We're still good friends, great friends is what I like to think. And I always felt that the best relationships are those sprouted from friendship. To me, he's my best friend. He's the one person that knows ALL, the one person I told everything without the influence of alcohol. Not even my best friends back home have that privilege. He is the one person to tell it like is. He's the one to bluntly express everything, even my flaws. He's not the type to play it nice and say what I want to hear. He tells me what I need to hear. That means something to me.

By the way, he's gorgeous and the best kisser in the world. And I miss him dearly.

Saturday, May 19, 2007

Tilty Head

And the Drama never ceases ... quite literally, its to a point where all I can do is tilt my head back and laugh. Delirious, absolutely delirious.

One of the perks of my job is that I get weekends off. No way out of that one, thats how I hold management in my hand. I won't, absolutely will not EVER, work a weekend.

This morning, saturday morning, I went to work. *tilts head* Apparently yesterday, hours after I had left, our three main closers walked off the job. They just upped and left. Turns out a manager opened their big mouth and said "after renovations is done, no one is having their job." At least something to that effect. And I know for a fact that one of the three just bought a condo, and therefore NEEDS his job. So he and his two buds left. *shrugs sholders* He needs his job so bad he can just walk off any ol time he pleases. ... yeah, it makes no sense for me either.

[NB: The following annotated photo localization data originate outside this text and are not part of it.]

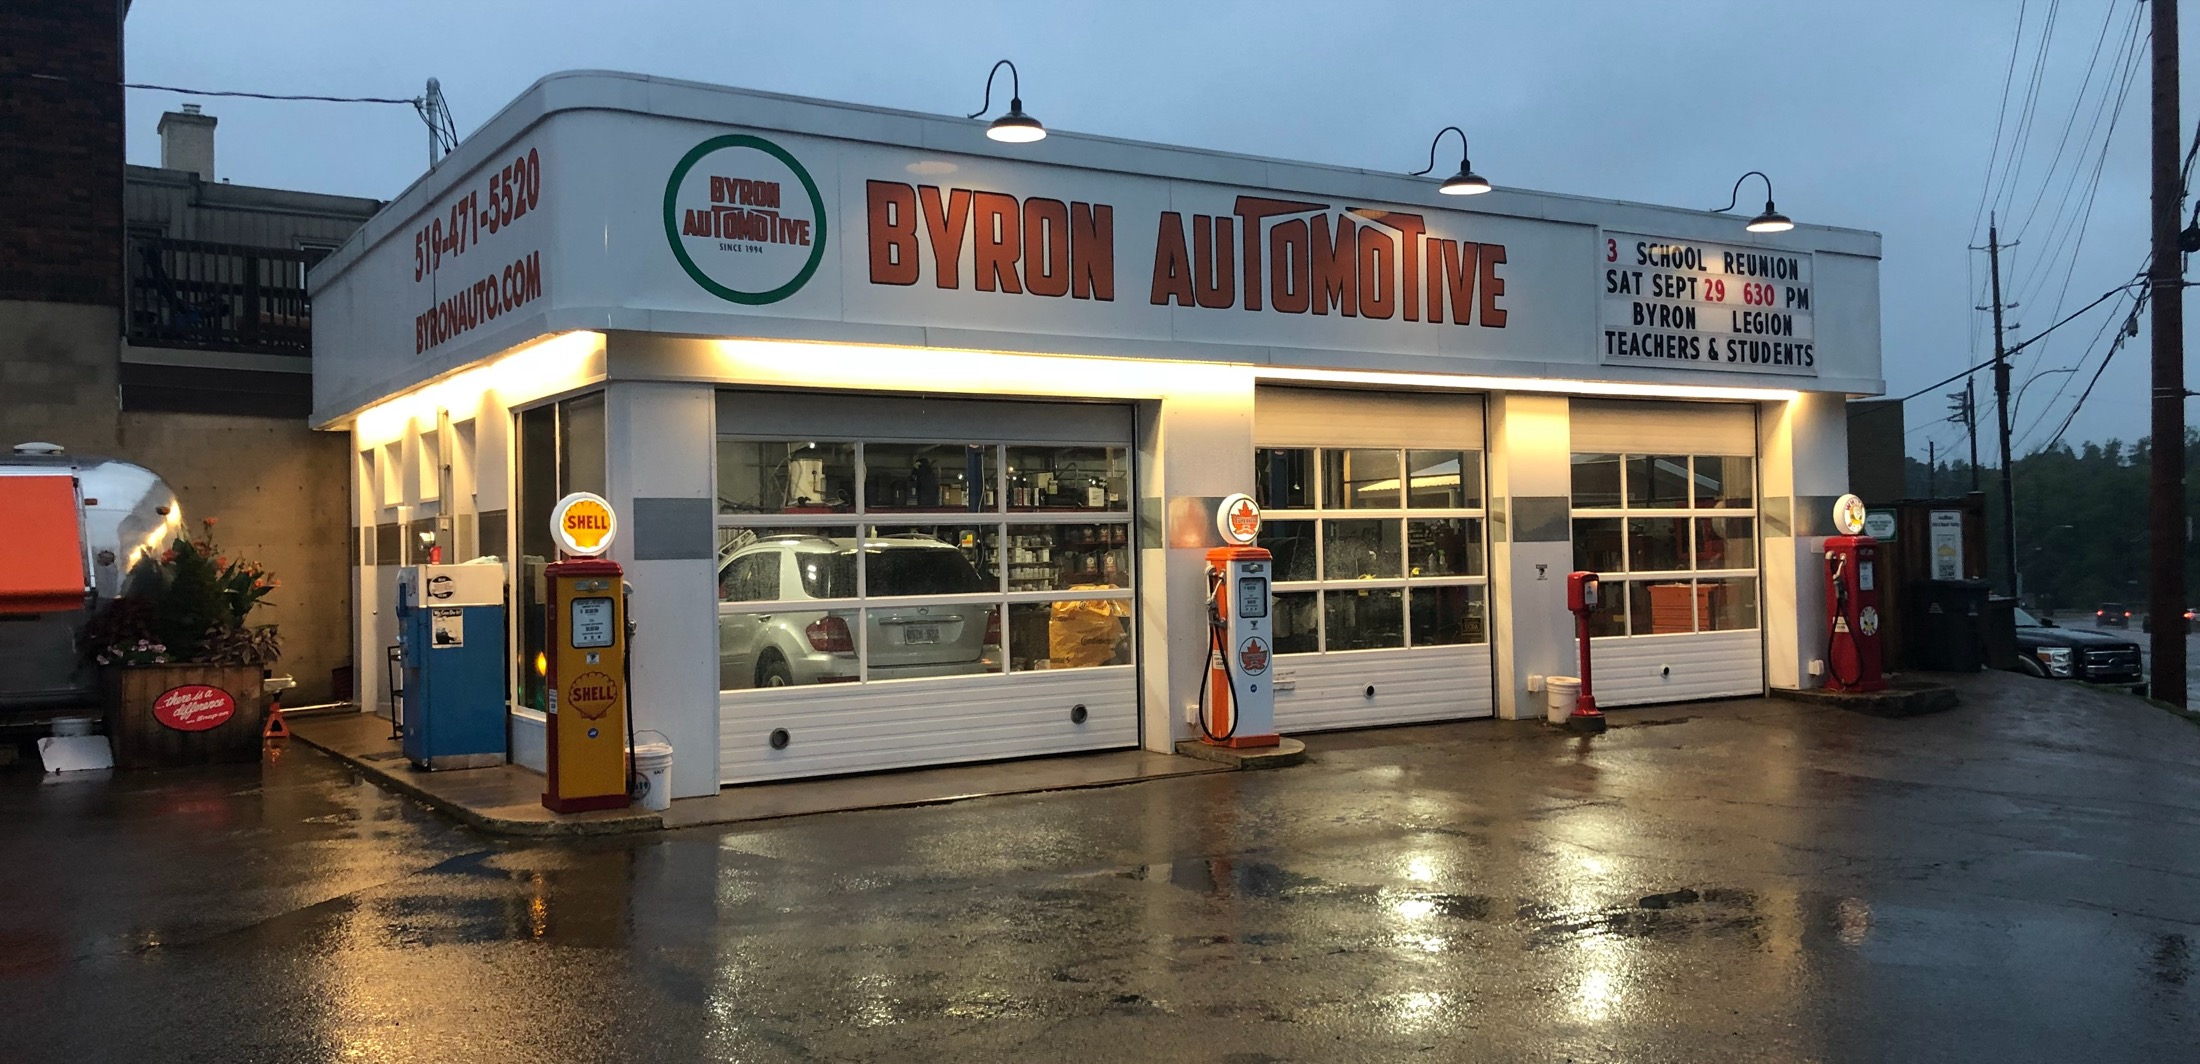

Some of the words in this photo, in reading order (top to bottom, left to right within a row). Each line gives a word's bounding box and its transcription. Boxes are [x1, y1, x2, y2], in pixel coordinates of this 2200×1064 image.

[710, 175, 780, 208] BYRON
[415, 147, 540, 283] 519-471-5520
[683, 205, 811, 246] AUTOMOTIVE
[719, 243, 742, 253] SINCE
[745, 245, 763, 254] 1994
[866, 179, 1114, 302] BYRON
[1150, 196, 1508, 328] AUTOMOTIVE
[1606, 238, 1618, 262] 3
[1636, 241, 1707, 272] SCHOOL
[1723, 250, 1799, 281] REUNION
[416, 250, 542, 355] BYRONAUTO.COM
[1606, 269, 1643, 295] SAT
[1652, 273, 1698, 300] SEPT
[1704, 278, 1726, 302] 29
[1743, 282, 1775, 307] 630
[1786, 286, 1809, 310] PM
[1633, 301, 1696, 330] BYRON
[1732, 310, 1793, 337] LEGION
[1604, 330, 1700, 360] TEACHERS
[1708, 337, 1719, 361] &
[1726, 339, 1814, 367] STUDENTS
[567, 515, 608, 530] SHELL
[173, 698, 225, 720] difference
[204, 690, 213, 698] a
[573, 686, 614, 701] SHELL
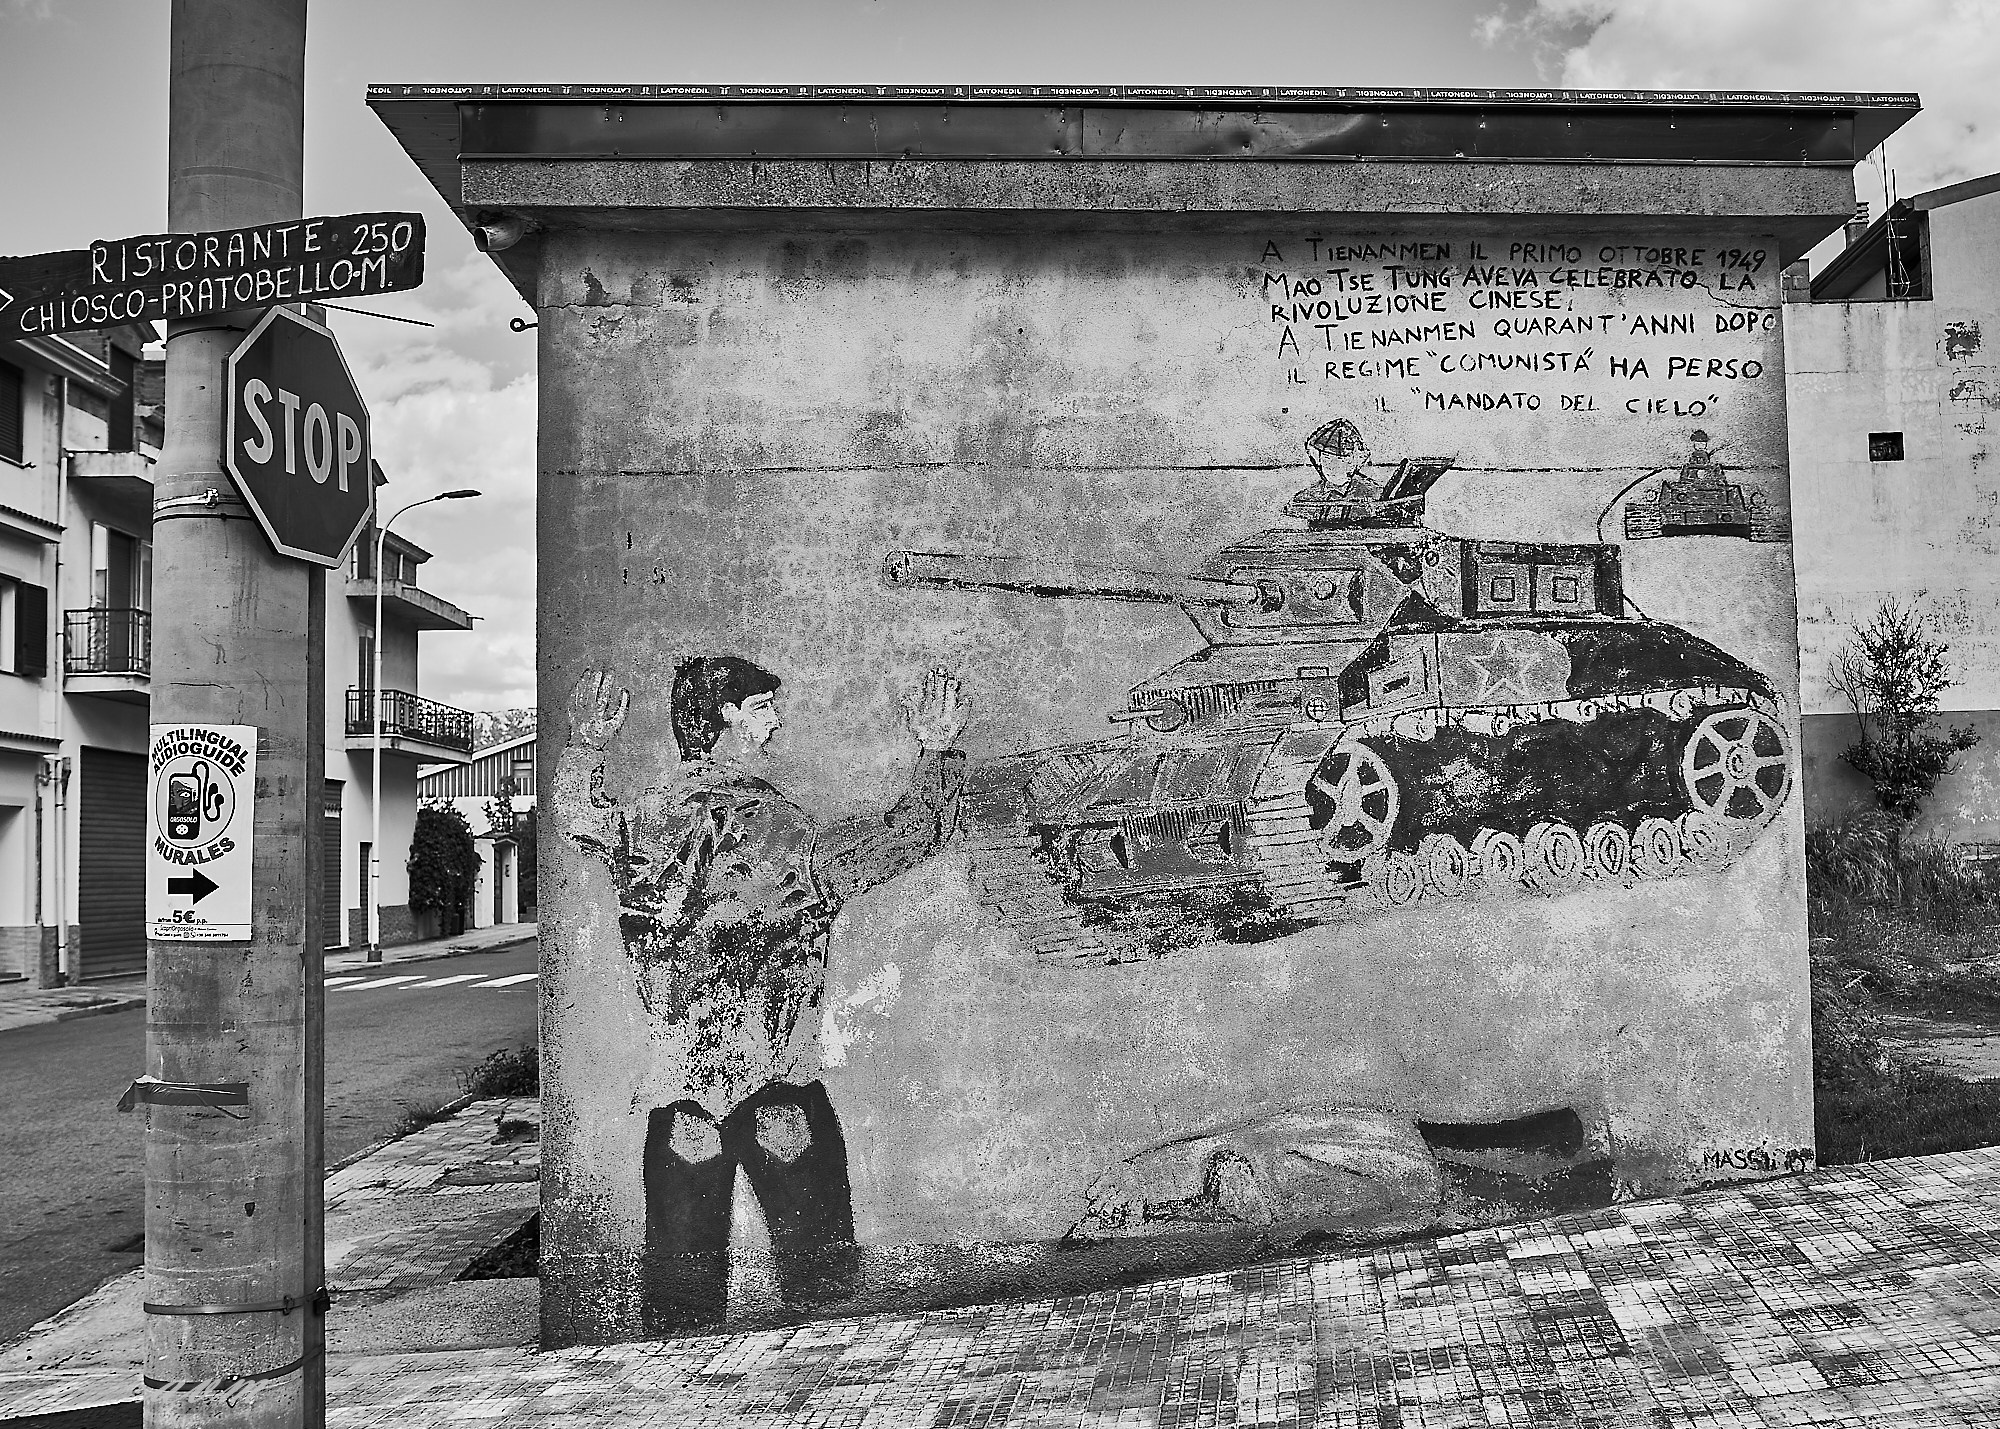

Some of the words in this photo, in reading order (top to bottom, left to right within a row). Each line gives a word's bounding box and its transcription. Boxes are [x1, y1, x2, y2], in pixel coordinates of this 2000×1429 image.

[1280, 88, 1328, 96] LATTONEDIL
[1430, 90, 1479, 98] LATTONEDIL
[1579, 92, 1627, 100] LATTONEDIL
[1726, 93, 1773, 101] LATTONEDIL
[1871, 95, 1917, 103] LATTONEDIL
[92, 220, 324, 285] RISTORANTE
[351, 221, 413, 256] 250
[1261, 240, 1283, 262] A
[1305, 238, 1450, 261] TIENANMEN
[1471, 241, 1488, 260] IL
[1509, 243, 1582, 264] PRIMO
[1599, 246, 1706, 266] OTTOBRE
[1717, 249, 1767, 272] 1949
[1382, 265, 1450, 290] TUNG
[1462, 265, 1538, 287] AVEVA
[1550, 265, 1698, 289] CELEBRATO
[1719, 274, 1756, 291] LA
[1271, 292, 1447, 323] RIVOLUZIONE
[1278, 325, 1300, 359] A
[1314, 320, 1475, 351] TIENANMEN
[1494, 313, 1695, 338] QUARANT'ANNI
[1287, 368, 1306, 384] IL
[1325, 357, 1420, 379] REGIME
[1610, 356, 1649, 381] HA
[1668, 356, 1763, 380] PERSO
[1375, 397, 1392, 412] IL
[1561, 394, 1600, 411] DEL
[242, 378, 362, 493] STOP
[152, 728, 249, 765] MULTILINGUAL
[153, 742, 246, 777] AUDIOGUIDE
[169, 816, 198, 824] ORGOSOLO
[154, 835, 236, 866] MURALES
[172, 909, 196, 924] 5€

Anyways, that one event caused a Sh*tload of circumstances for EVERYBODY. And therefore, I needed to awake bright and early on my weekend to go into work and make sure that the guys that are working or okay. THANK GOD they all showed up.

Here's to more drama that I'm SURE I will encounter in a few days. *tilts head*

Wednesday, May 16, 2007

Hi ...

And so ... I did a little exercise today. I decided to write with my eyes closed so that I wouldn't be able to see the flow of my thought processes as I typed them out. I have a hunch that being able to see what we write actually influences what we write next. And I didn't want to be influenced. I wanted to discover.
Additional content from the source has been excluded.